What is required → From the first line to the last, give the records again exactly and skip the pictures.

Extracted material →
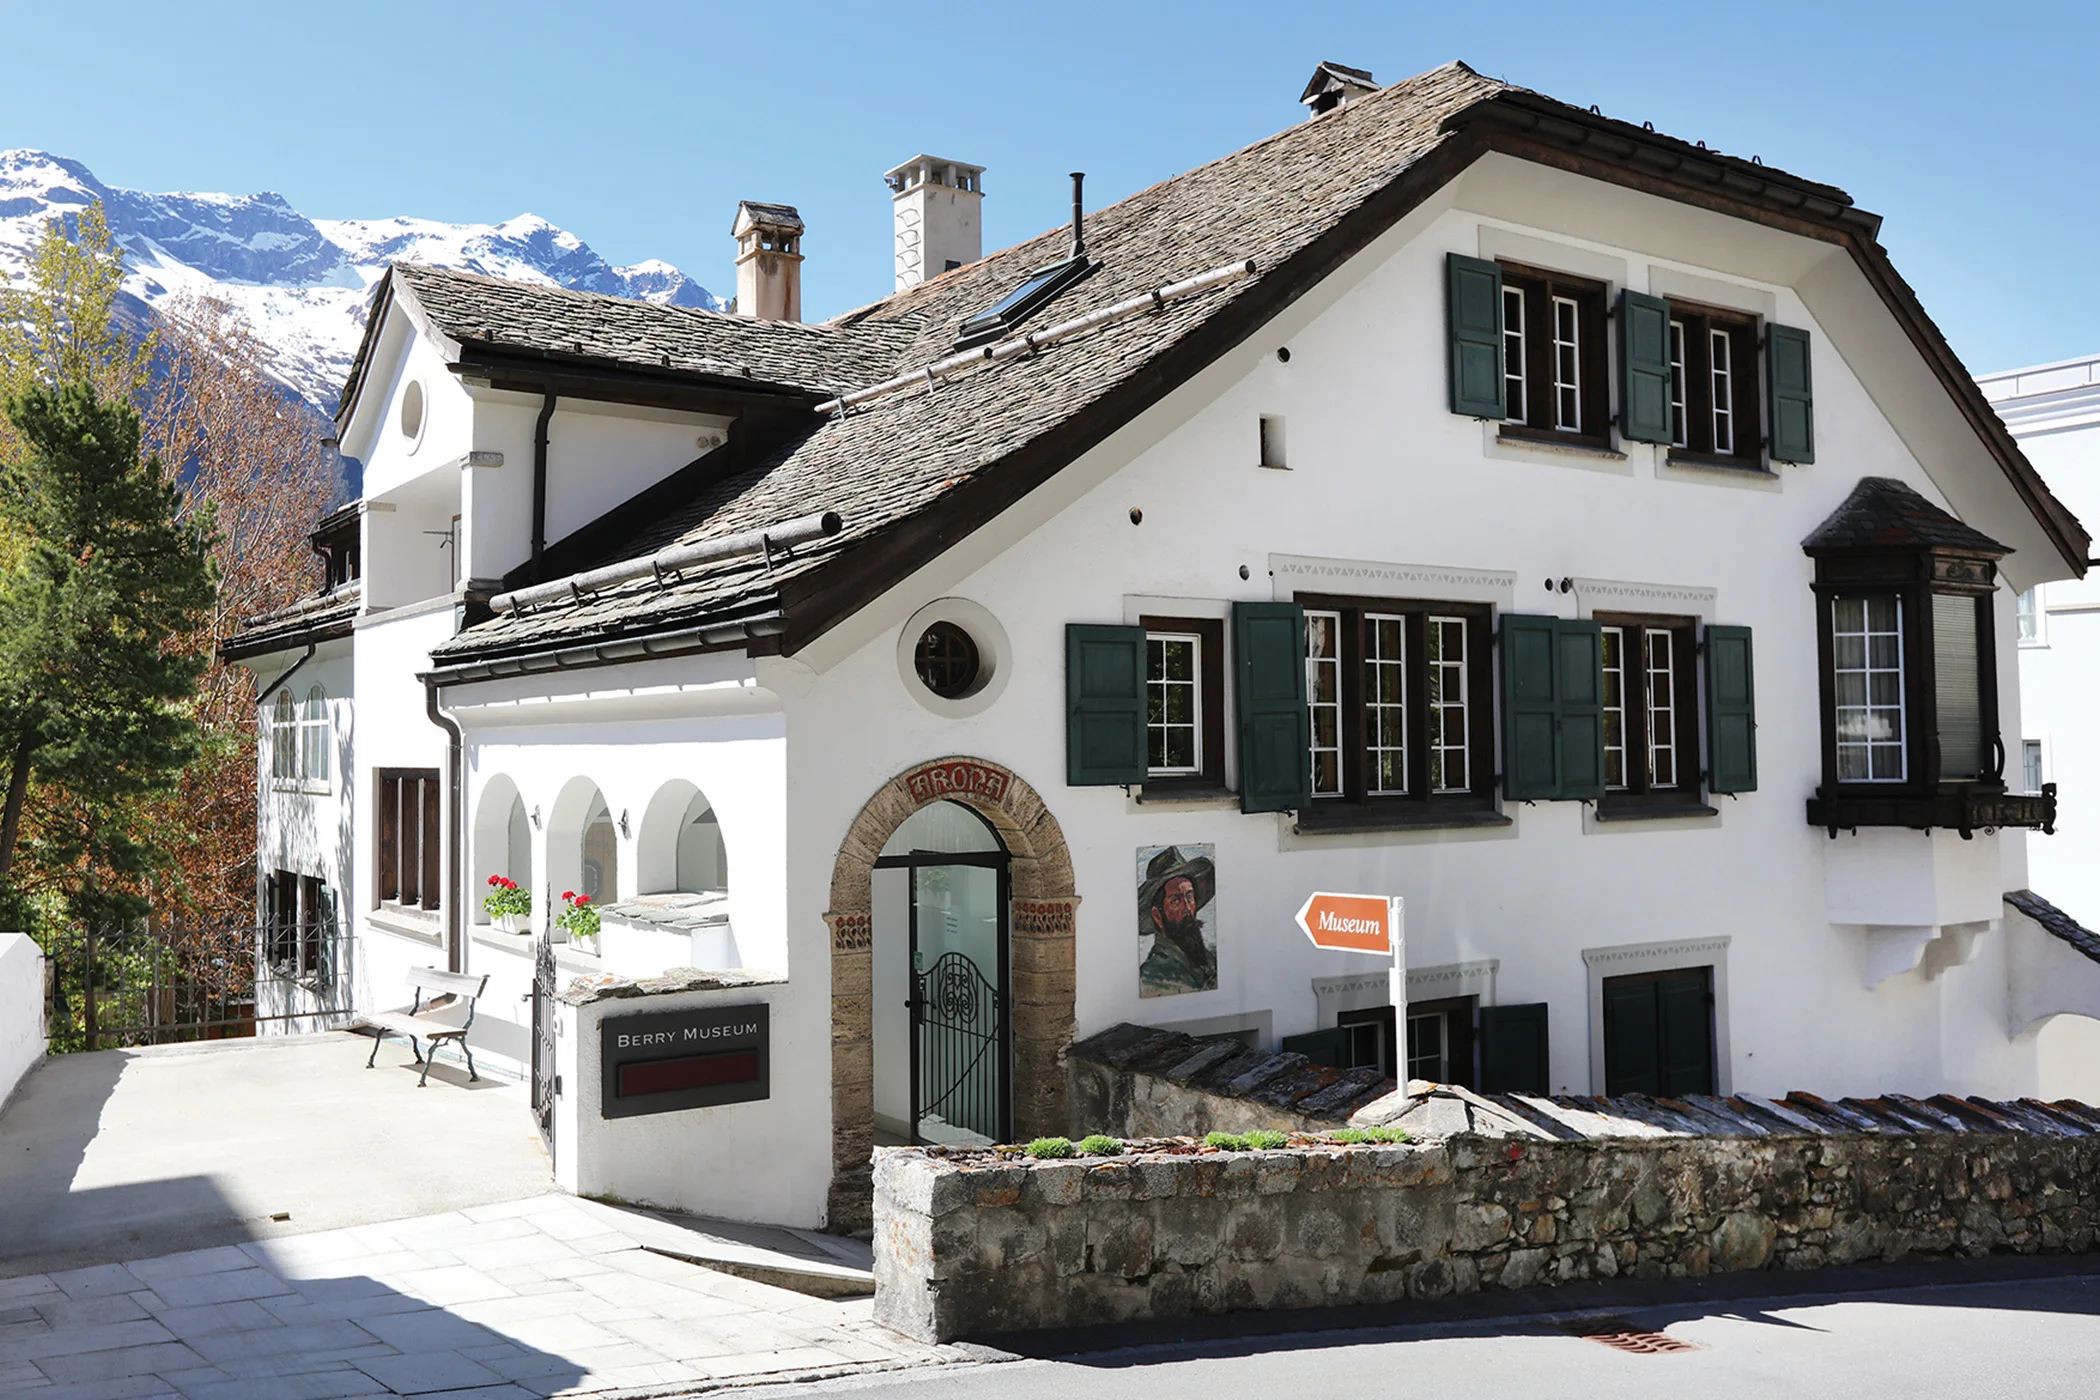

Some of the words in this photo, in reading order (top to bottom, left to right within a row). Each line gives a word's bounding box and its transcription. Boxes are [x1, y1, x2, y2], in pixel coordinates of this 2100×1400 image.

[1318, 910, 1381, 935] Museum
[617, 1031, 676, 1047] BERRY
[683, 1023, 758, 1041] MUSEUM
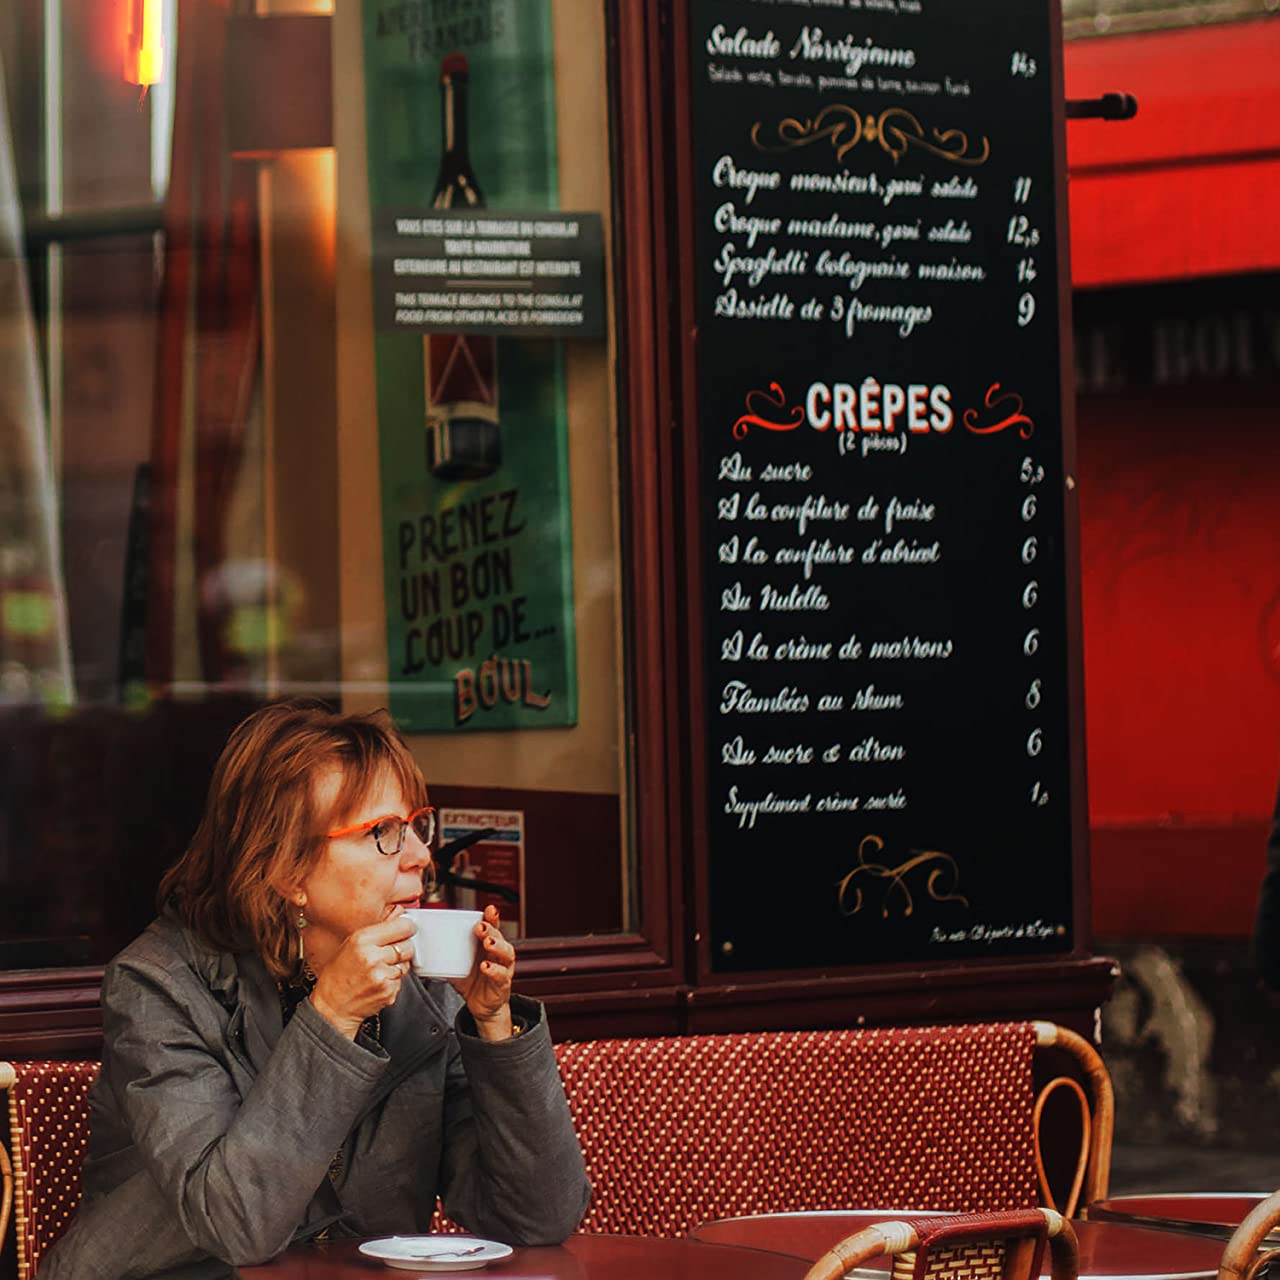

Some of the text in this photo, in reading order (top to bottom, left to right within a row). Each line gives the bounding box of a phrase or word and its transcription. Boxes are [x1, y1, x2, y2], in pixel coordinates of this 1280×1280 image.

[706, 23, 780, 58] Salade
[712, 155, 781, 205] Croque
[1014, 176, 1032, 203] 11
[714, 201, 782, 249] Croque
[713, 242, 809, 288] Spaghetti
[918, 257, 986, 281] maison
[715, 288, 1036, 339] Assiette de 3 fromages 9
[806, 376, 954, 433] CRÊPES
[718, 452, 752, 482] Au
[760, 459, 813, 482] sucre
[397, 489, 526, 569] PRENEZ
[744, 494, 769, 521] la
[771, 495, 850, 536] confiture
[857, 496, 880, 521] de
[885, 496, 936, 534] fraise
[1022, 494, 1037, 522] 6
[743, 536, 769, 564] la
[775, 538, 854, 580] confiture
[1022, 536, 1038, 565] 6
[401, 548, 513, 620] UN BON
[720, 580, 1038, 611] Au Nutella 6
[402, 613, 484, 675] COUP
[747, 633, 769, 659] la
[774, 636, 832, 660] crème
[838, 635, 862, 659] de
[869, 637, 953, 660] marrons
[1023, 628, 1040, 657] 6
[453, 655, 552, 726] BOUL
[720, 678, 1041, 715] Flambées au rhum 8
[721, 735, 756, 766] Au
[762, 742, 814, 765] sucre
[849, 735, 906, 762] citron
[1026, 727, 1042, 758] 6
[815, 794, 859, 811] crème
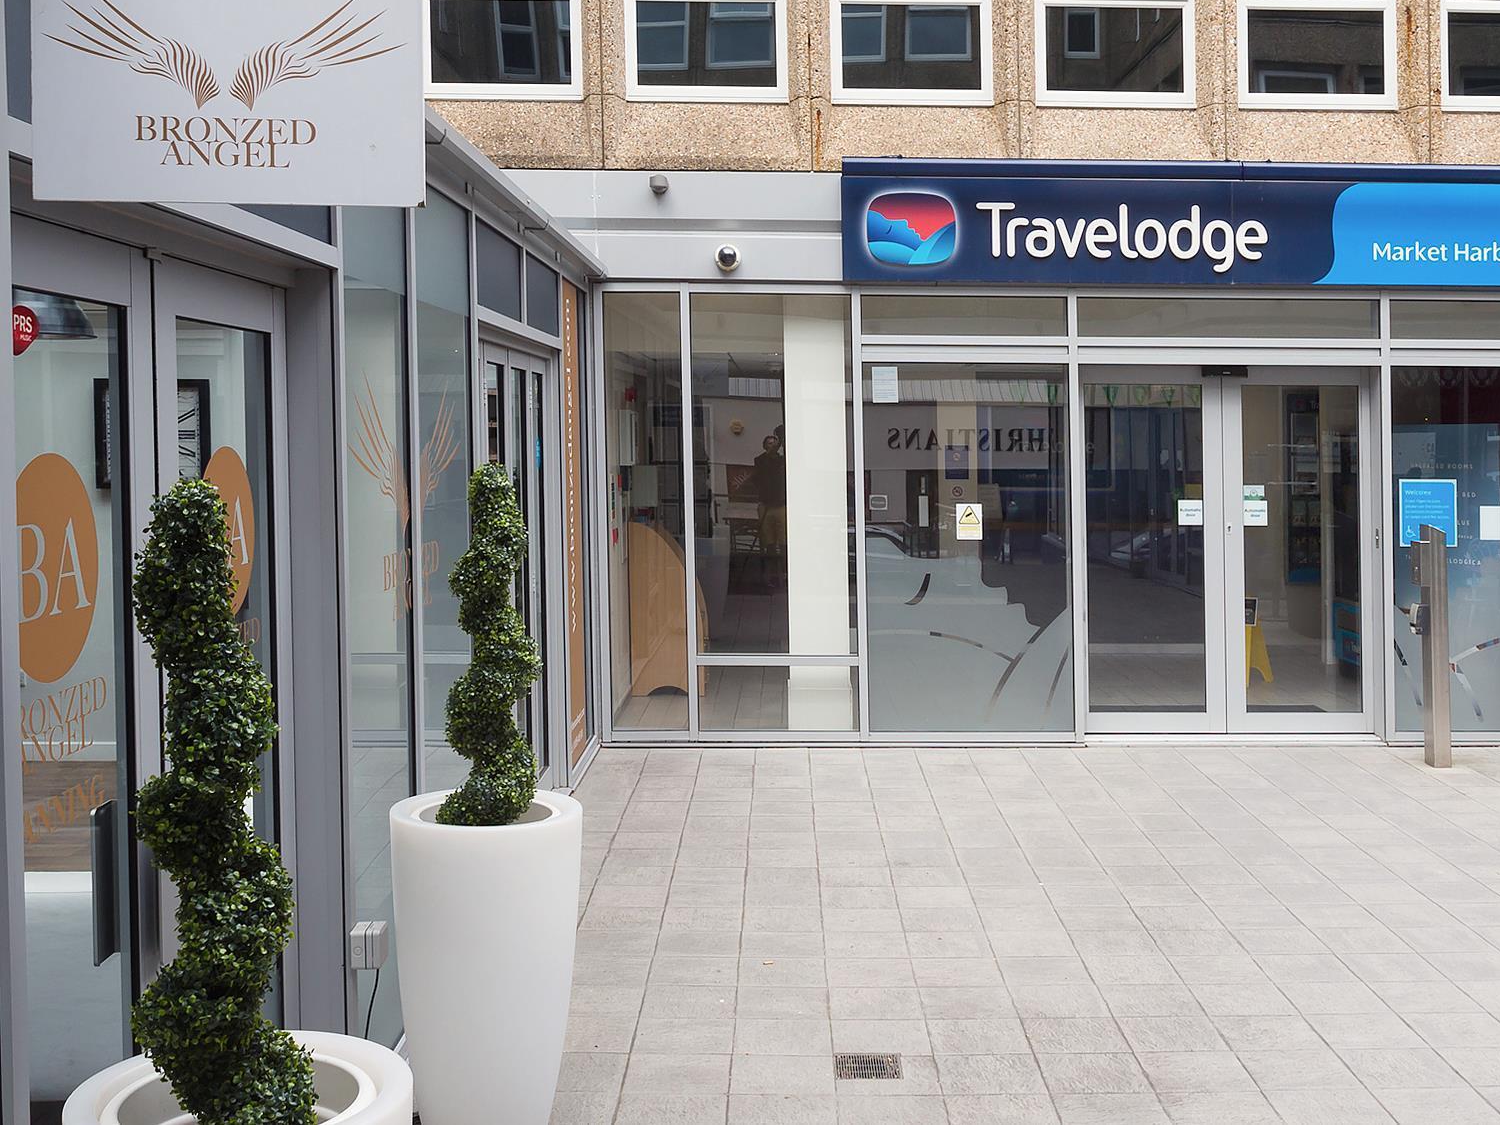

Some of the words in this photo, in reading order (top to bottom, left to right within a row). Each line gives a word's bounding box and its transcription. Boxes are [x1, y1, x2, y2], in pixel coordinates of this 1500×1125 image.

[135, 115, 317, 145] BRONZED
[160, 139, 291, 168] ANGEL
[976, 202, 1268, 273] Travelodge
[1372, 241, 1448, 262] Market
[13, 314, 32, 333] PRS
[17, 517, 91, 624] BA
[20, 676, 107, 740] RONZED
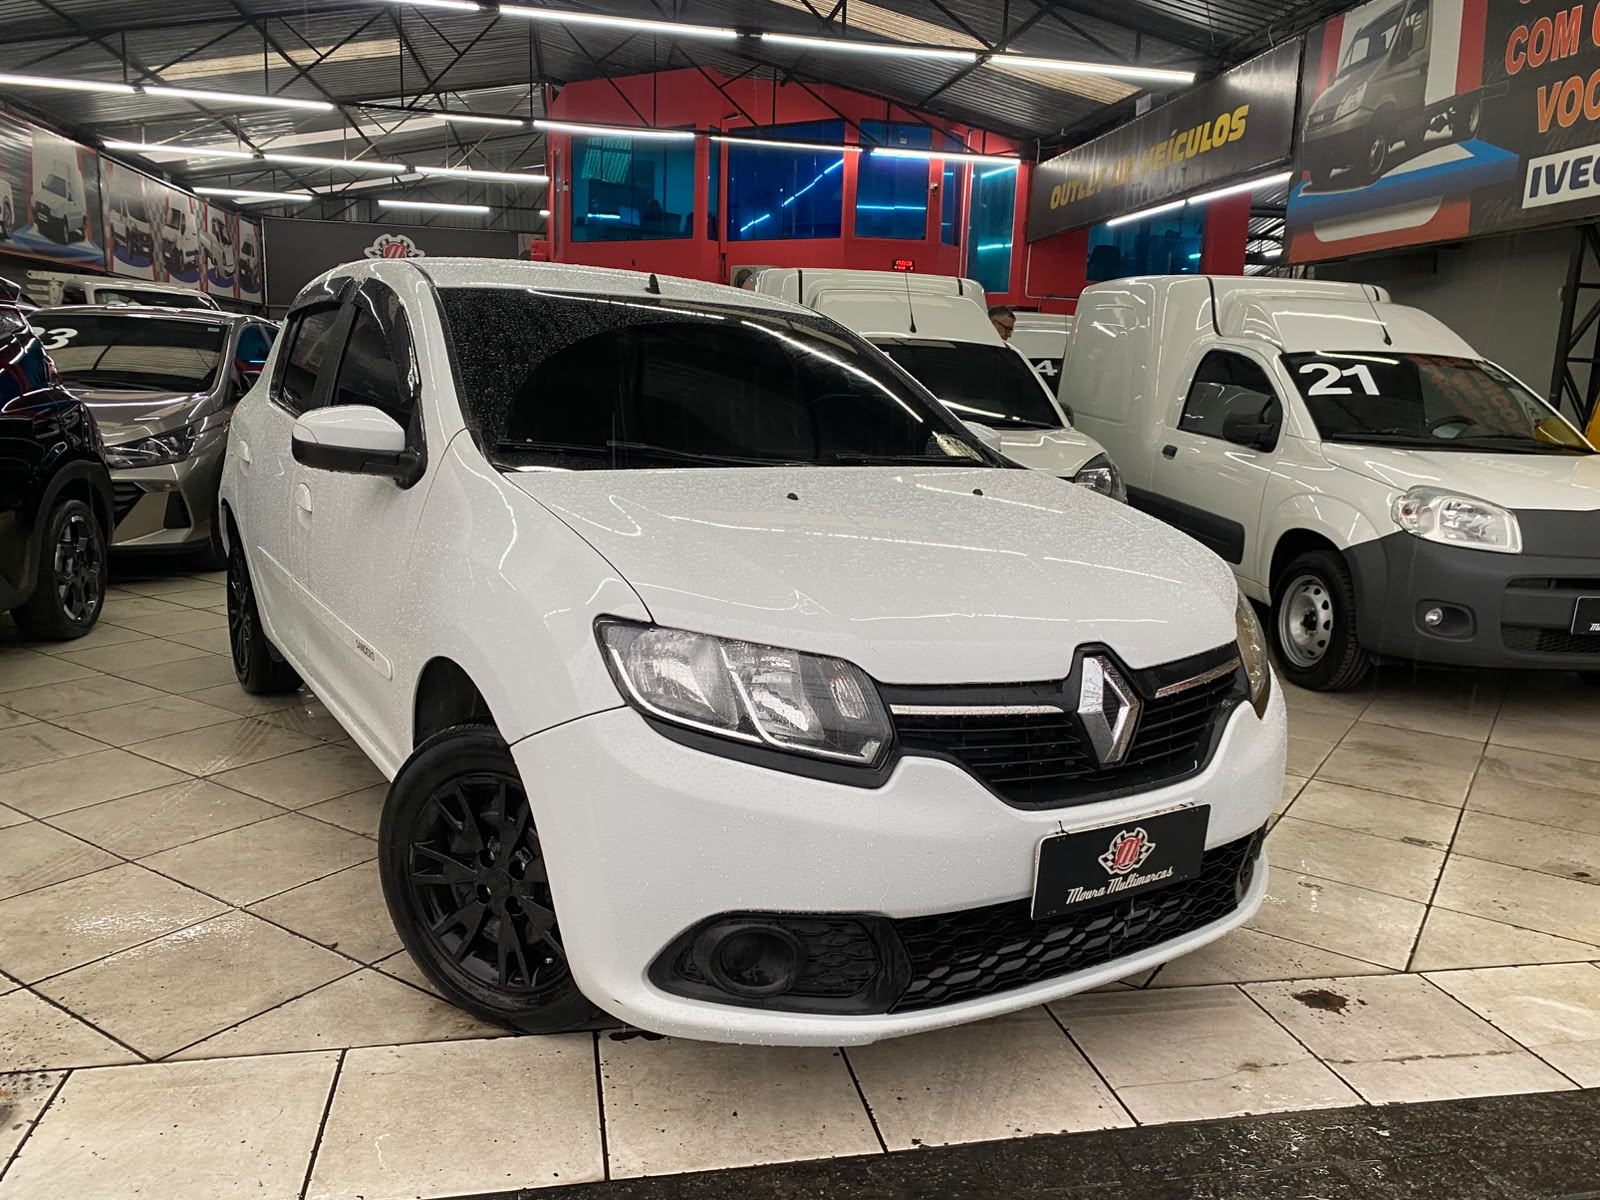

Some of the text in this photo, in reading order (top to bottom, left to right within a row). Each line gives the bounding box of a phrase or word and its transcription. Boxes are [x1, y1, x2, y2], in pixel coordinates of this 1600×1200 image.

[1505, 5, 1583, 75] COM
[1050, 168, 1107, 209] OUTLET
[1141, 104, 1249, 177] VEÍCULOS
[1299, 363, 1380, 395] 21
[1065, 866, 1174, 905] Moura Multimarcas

Response area →
Some of the words in this photo, in reading order (top to bottom, left to right within a row). Each line gives a word's bounding box and its transcription. Boxes are [x1, y1, x2, y2], in pixel coordinates of this 2100×1400 image.

[1318, 910, 1381, 935] Museum
[617, 1031, 676, 1047] BERRY
[683, 1023, 758, 1041] MUSEUM

Some of the text in this photo, in reading order (top to bottom, left to right within a row). Each line gives the bounding box of a phrase or word and its transcription. Boxes are [x1, y1, x2, y2], in pixel coordinates of this 1280×1280 image.

[706, 23, 780, 58] Salade
[712, 155, 781, 205] Croque
[1014, 176, 1032, 203] 11
[714, 201, 782, 249] Croque
[713, 242, 809, 288] Spaghetti
[918, 257, 986, 281] maison
[715, 288, 1036, 339] Assiette de 3 fromages 9
[806, 376, 954, 433] CRÊPES
[718, 452, 752, 482] Au
[760, 459, 813, 482] sucre
[397, 489, 526, 569] PRENEZ
[744, 494, 769, 521] la
[771, 495, 850, 536] confiture
[857, 496, 880, 521] de
[885, 496, 936, 534] fraise
[1022, 494, 1037, 522] 6
[743, 536, 769, 564] la
[775, 538, 854, 580] confiture
[1022, 536, 1038, 565] 6
[401, 548, 513, 620] UN BON
[720, 580, 1038, 611] Au Nutella 6
[402, 613, 484, 675] COUP
[747, 633, 769, 659] la
[774, 636, 832, 660] crème
[838, 635, 862, 659] de
[869, 637, 953, 660] marrons
[1023, 628, 1040, 657] 6
[453, 655, 552, 726] BOUL
[720, 678, 1041, 715] Flambées au rhum 8
[721, 735, 756, 766] Au
[762, 742, 814, 765] sucre
[849, 735, 906, 762] citron
[1026, 727, 1042, 758] 6
[815, 794, 859, 811] crème

Some of the words in this photo, in reading order (top to bottom, left to right within a row). Each line gives a word's bounding box and its transcription. Boxes are [x1, y1, x2, y2], in pixel coordinates of this 1500×1125 image.

[135, 115, 317, 145] BRONZED
[160, 139, 291, 168] ANGEL
[976, 202, 1268, 273] Travelodge
[1372, 241, 1448, 262] Market
[13, 314, 32, 333] PRS
[17, 517, 91, 624] BA
[20, 676, 107, 740] RONZED

Some of the text in this photo, in reading order (top to bottom, left to right within a row). Each line gives the bounding box of a phrase or word and its transcription. Boxes are [x1, y1, x2, y2], in pixel coordinates of this 1600×1200 image.

[1505, 5, 1583, 75] COM
[1050, 168, 1107, 209] OUTLET
[1141, 104, 1249, 177] VEÍCULOS
[1299, 363, 1380, 395] 21
[1065, 866, 1174, 905] Moura Multimarcas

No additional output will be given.